> [Assignment]: Copy every record below exactly, leaving out any pictures.

[Images for object localization]
------------------------------------------------------------------------

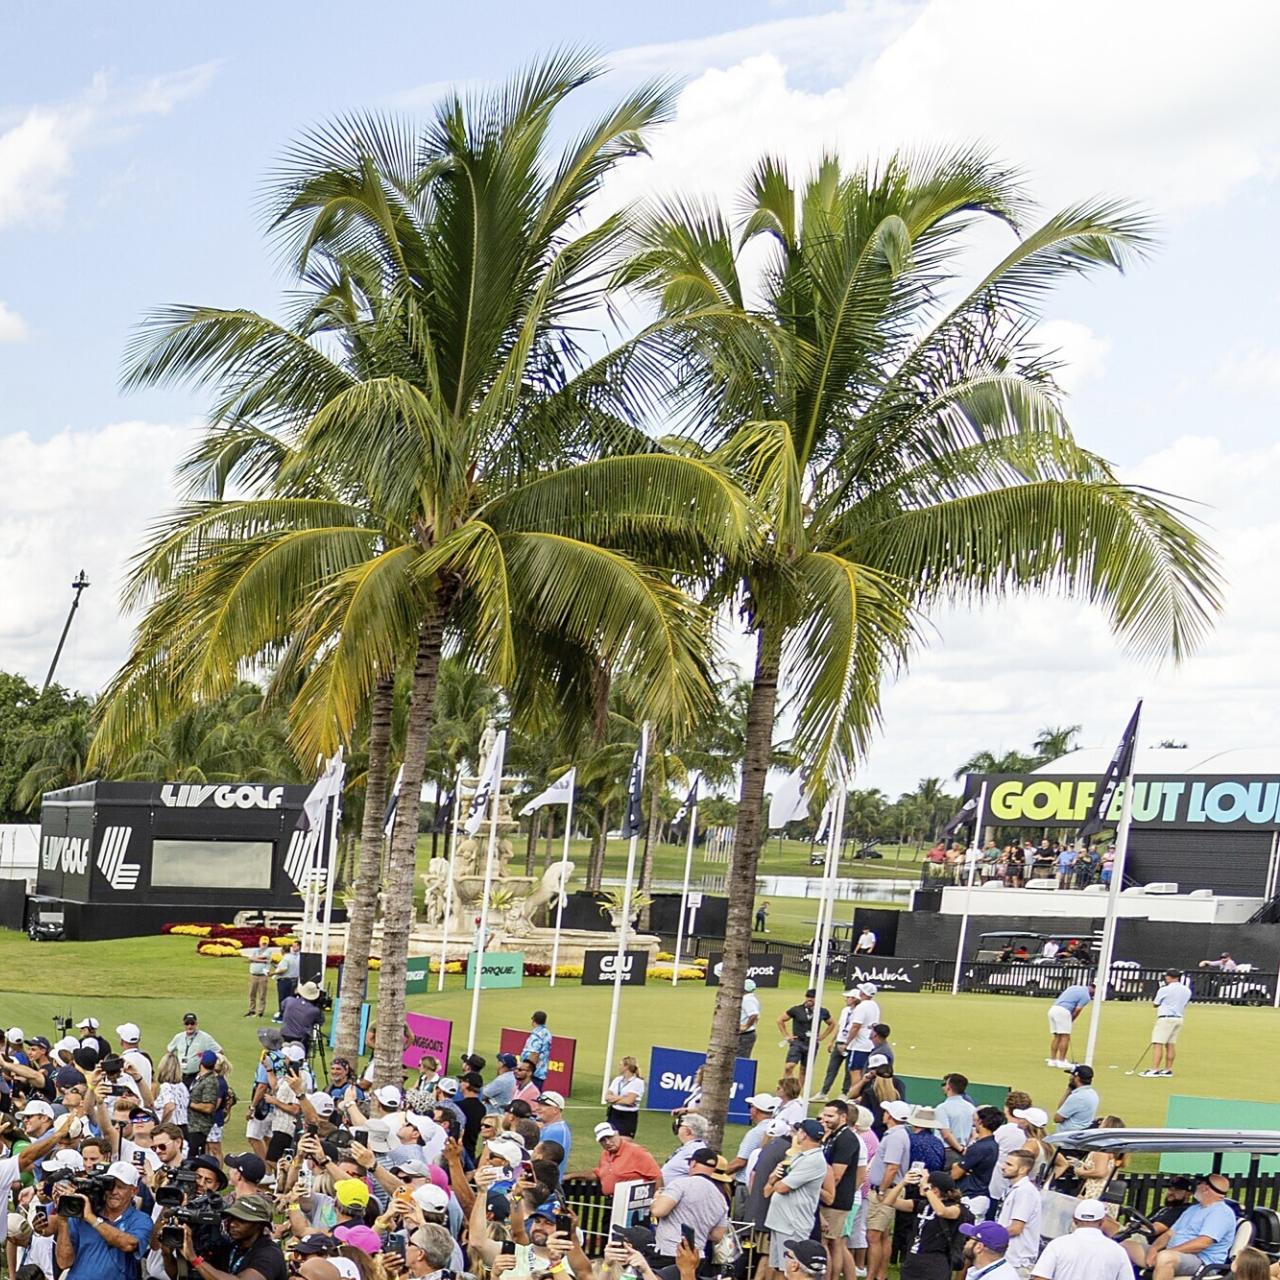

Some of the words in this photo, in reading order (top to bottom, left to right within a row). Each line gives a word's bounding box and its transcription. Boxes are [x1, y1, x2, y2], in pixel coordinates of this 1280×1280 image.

[214, 786, 284, 809] GOLF
[990, 781, 1097, 821] GOLF
[1106, 782, 1186, 822] BUT
[1187, 781, 1280, 823] LOU
[746, 964, 774, 980] ypost
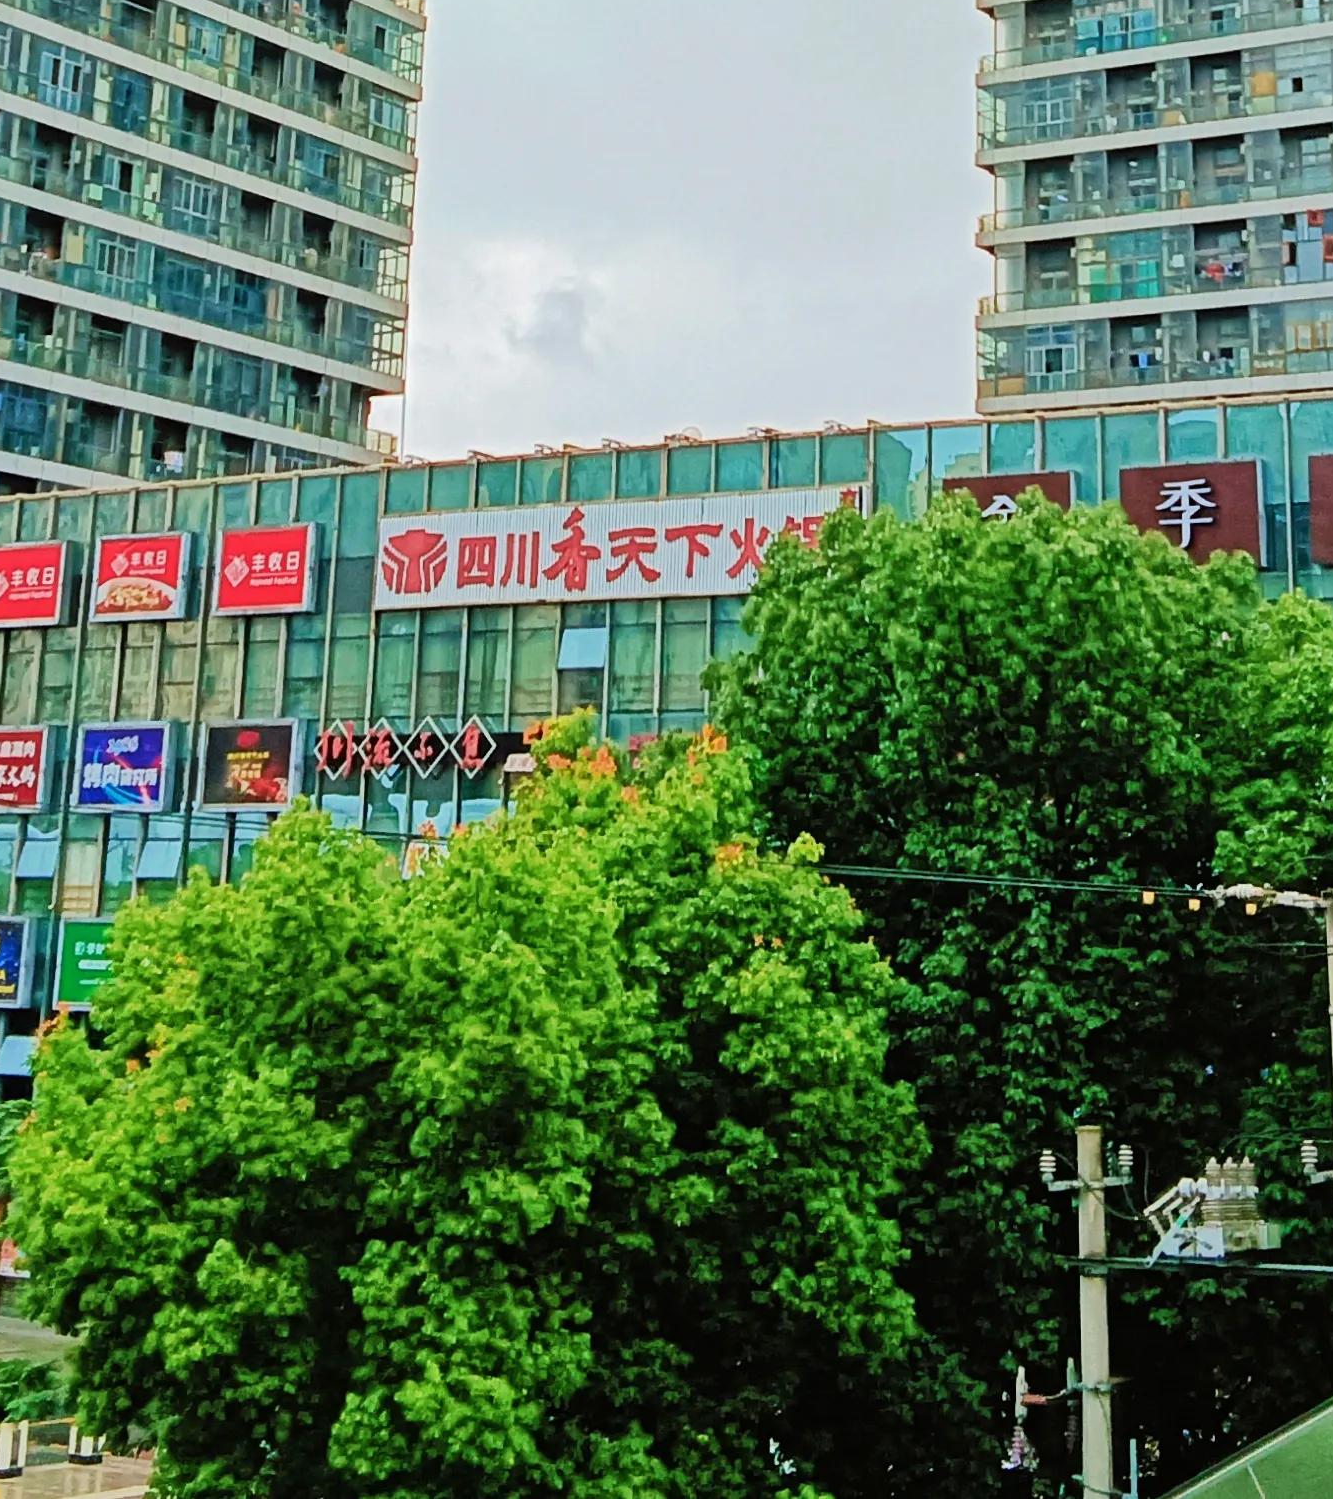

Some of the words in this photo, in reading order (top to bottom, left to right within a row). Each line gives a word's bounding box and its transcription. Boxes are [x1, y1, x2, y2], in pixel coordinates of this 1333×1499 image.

------------------------------------------------------------------------

> [Solution]:
Some of the words in this photo, in reading order (top to bottom, left to right within a row). Each line gives a word's bounding box and its transcription. Boxes are [x1, y1, x2, y2], in pixel coordinates of this 1280×1280 image.

[214, 786, 284, 809] GOLF
[990, 781, 1097, 821] GOLF
[1106, 782, 1186, 822] BUT
[1187, 781, 1280, 823] LOU
[746, 964, 774, 980] ypost

Some of the words in this photo, in reading order (top to bottom, left to right within a row). Each line gives a word's bounding box and its transcription. Boxes are [x1, y1, x2, y2], in pixel coordinates of this 1333×1499 image.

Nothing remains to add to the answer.